We are given as input a Turing machine M (encoded as some natural number) and asked whether it will halt. We use our oracle for B to find the value of BB(n), where n is the number of states that M has, and run M for BB(n) steps. If M doesn’t halt at this point, then we know that it will never halt and we return **False**. And if it has already halted, we return **True**.

2. B is decidable with an oracle for H

We are given as input a number N and asked whether it’s a Busy Beaver number. We collect all Turing machines with at most N states, and apply H to determine which of these halt. We throw out all the non-halting Turing machines and run all the rest. We then run all the remaining Turing machines until each one has halted, noting the number of steps that each runs for and how many states it had. At the end we check if N was the running time of any of the Turing machines, and if so, if there are any other Turing machines with the same number of states that halted later. If so, then we return **False**, and otherwise we return **True**.
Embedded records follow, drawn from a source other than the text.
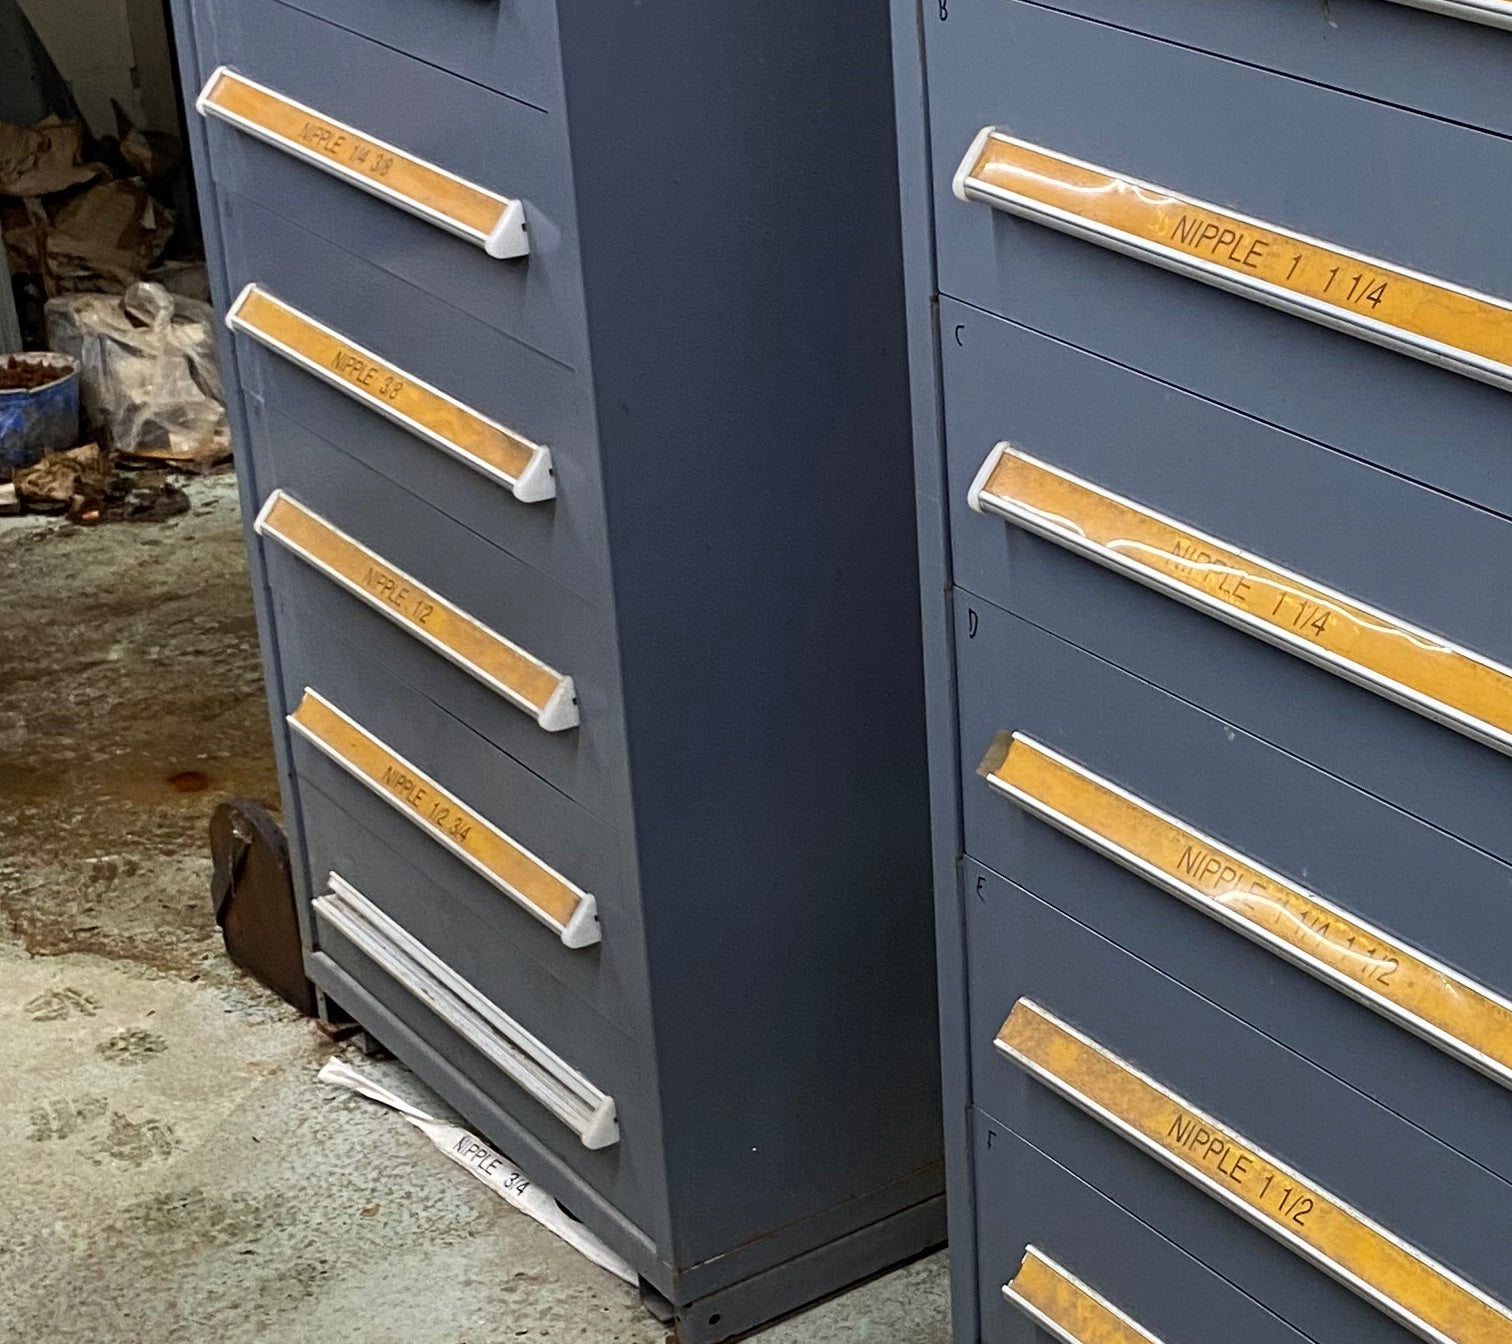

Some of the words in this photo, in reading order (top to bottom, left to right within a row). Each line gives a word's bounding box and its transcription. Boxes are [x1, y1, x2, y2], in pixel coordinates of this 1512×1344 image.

[299, 122, 347, 154] NIPPLE
[1171, 214, 1270, 268] NIPPLE
[1285, 254, 1304, 282] 1
[1346, 273, 1389, 311] 1/4
[955, 324, 965, 347] C
[331, 351, 378, 386] NIPPLE
[363, 567, 409, 606] NIPPLE
[968, 607, 979, 639] D
[382, 766, 426, 808] NIPPLE
[453, 1136, 503, 1175] NIPPLE
[504, 1172, 531, 1196] 3/4
[1167, 1115, 1252, 1186] NIPPLE
[1259, 1175, 1276, 1201] 1
[1279, 1187, 1316, 1227] 1/2
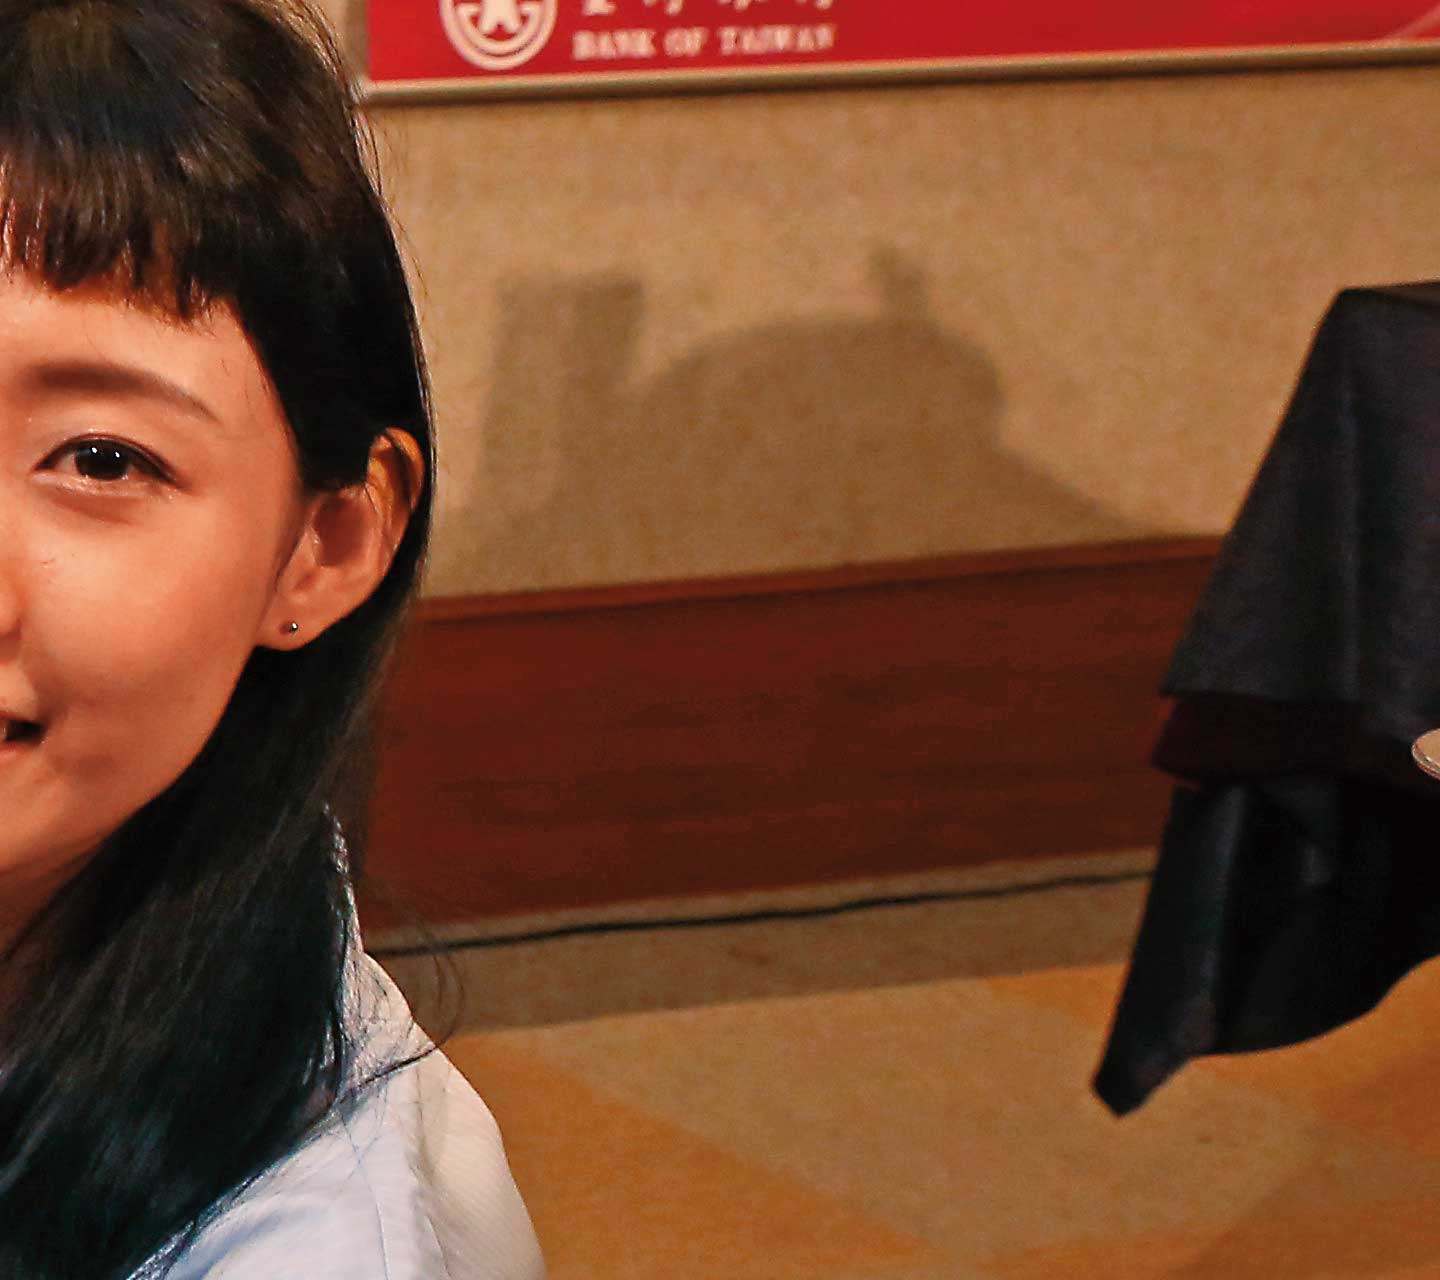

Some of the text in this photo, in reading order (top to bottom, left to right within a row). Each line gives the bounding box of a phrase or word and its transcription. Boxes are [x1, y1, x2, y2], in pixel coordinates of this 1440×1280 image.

[572, 24, 837, 60] BANK OF TAIWAN
So H and B have the same Turing degree. And yet B is co-recursively enumerable and H is recursively enumerable (given a Turing machine M, just run it and return True if it ever halts). This is actually not so strange; the difference between recursive enumerability and co-recursive enumerability is not a difference in “difficulty to decide”, it’s just a difference between whether what’s decided is the **True** instances or the **False** instances.

As a very simple example of the same phenomenon, consider the set of all halting Turing machines H and the set of all non-halting Turing machines H^{c}. H is recursively enumerable and H^{c} is co-recursively enumerable. And obviously given an oracle for either one can also decide the other. More generally, for any set X, consider X^{c} = {n : n ∉ X}. X and X^{c} are Turing equivalent, and if X is recursively enumerable then X^{c} is co-recursively enumerable. What’s more, if X is Σ_{n} then X^{c} is Π_{n}.